══ Listed records

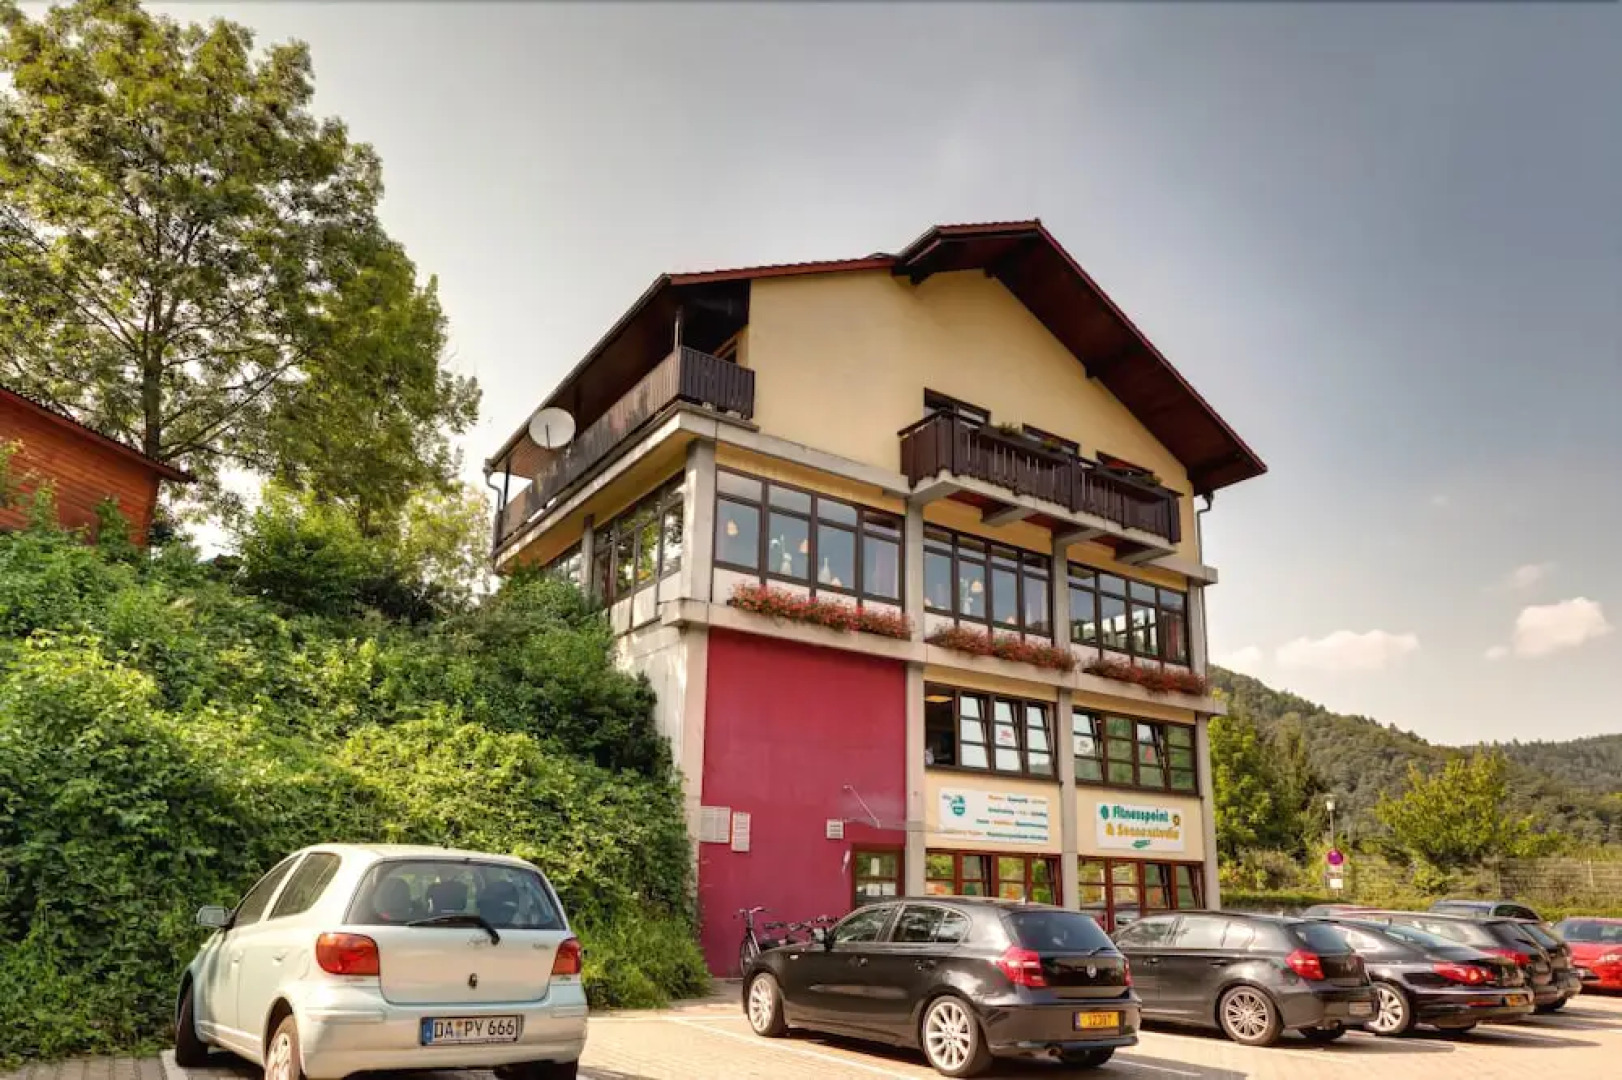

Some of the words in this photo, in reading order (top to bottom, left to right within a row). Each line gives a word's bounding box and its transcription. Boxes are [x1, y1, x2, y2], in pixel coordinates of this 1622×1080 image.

[1113, 805, 1168, 824] Fitnesspoint
[434, 1021, 453, 1038] DA
[464, 1020, 483, 1037] PY
[488, 1019, 515, 1035] 666
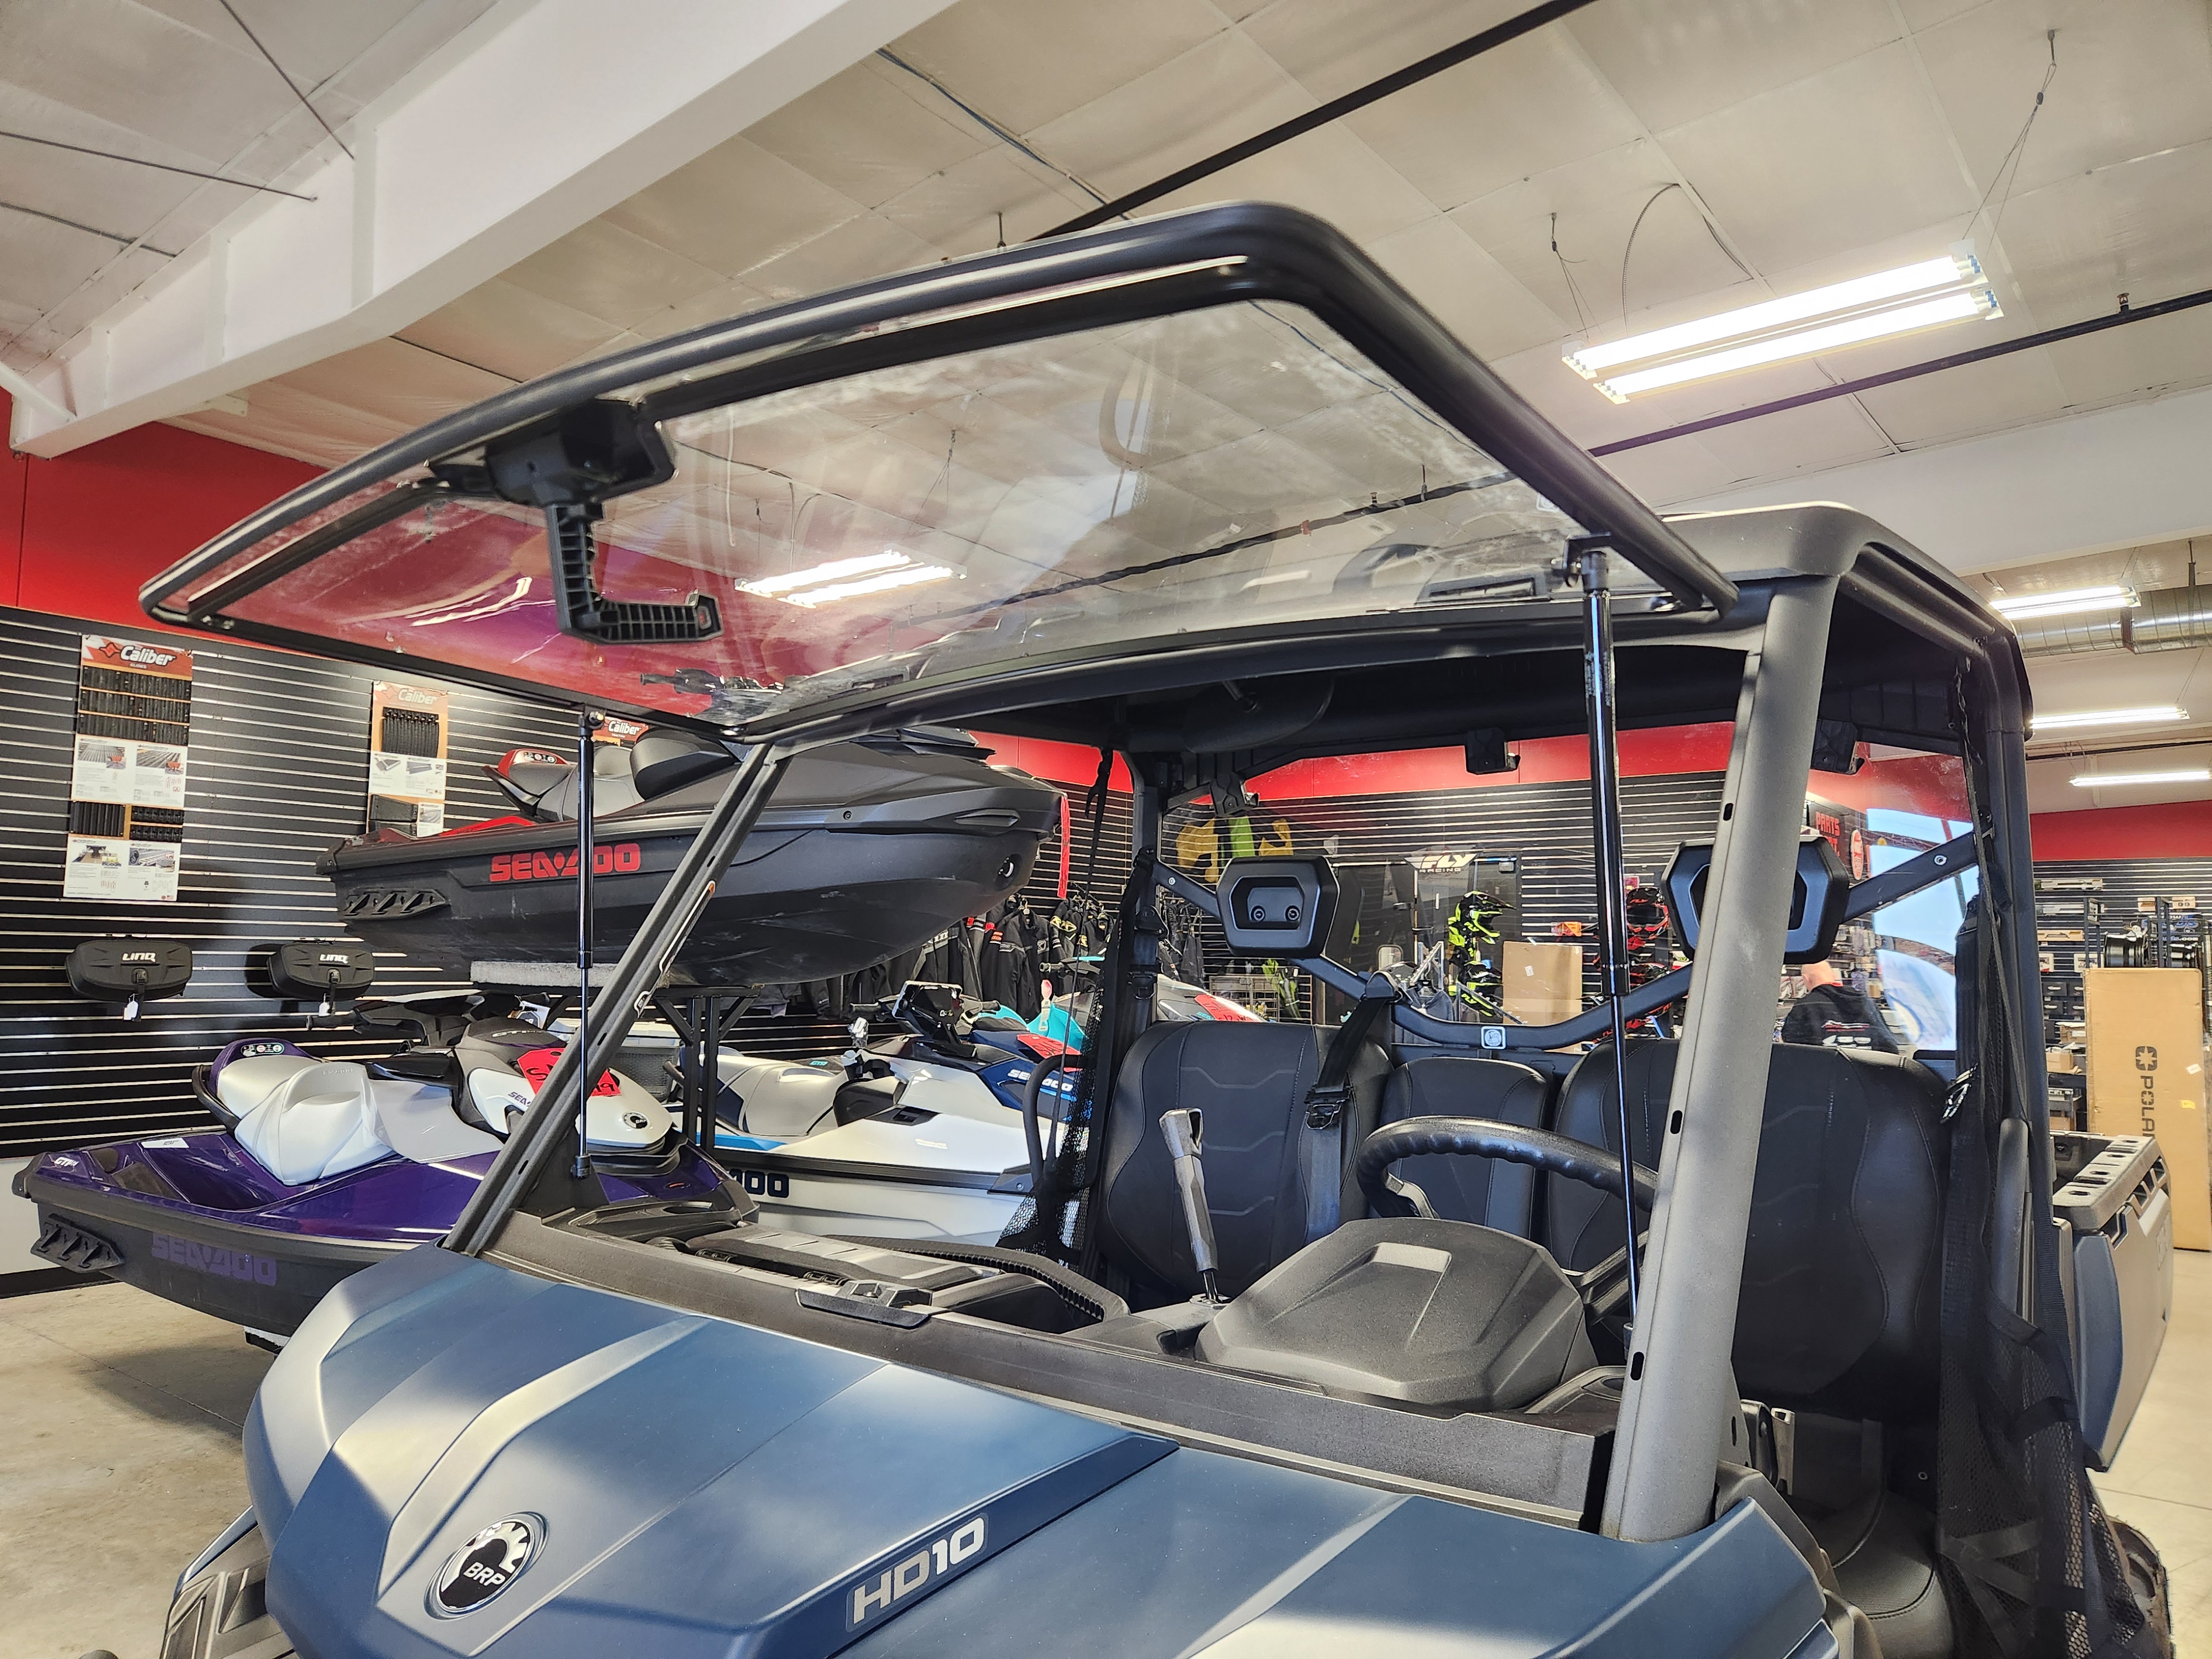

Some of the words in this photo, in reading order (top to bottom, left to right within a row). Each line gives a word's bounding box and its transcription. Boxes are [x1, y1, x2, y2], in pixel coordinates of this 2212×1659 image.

[120, 645, 176, 666] Caliber
[398, 687, 440, 705] Caliber
[608, 720, 641, 735] Caliber
[1815, 811, 1840, 836] PARTS
[463, 1562, 506, 1586] BRP
[853, 1517, 984, 1624] HD10

════

_Your goal_
Please give again, word for word, only the lines from the one holding "this 2212×1659 image." through the end of the listing above.

_Answer to this exercise_
Some of the words in this photo, in reading order (top to bottom, left to right within a row). Each line gives a word's bounding box and its transcription. Boxes are [x1, y1, x2, y2], in pixel coordinates of this 2212×1659 image.

[120, 645, 176, 666] Caliber
[398, 687, 440, 705] Caliber
[608, 720, 641, 735] Caliber
[1815, 811, 1840, 836] PARTS
[463, 1562, 506, 1586] BRP
[853, 1517, 984, 1624] HD10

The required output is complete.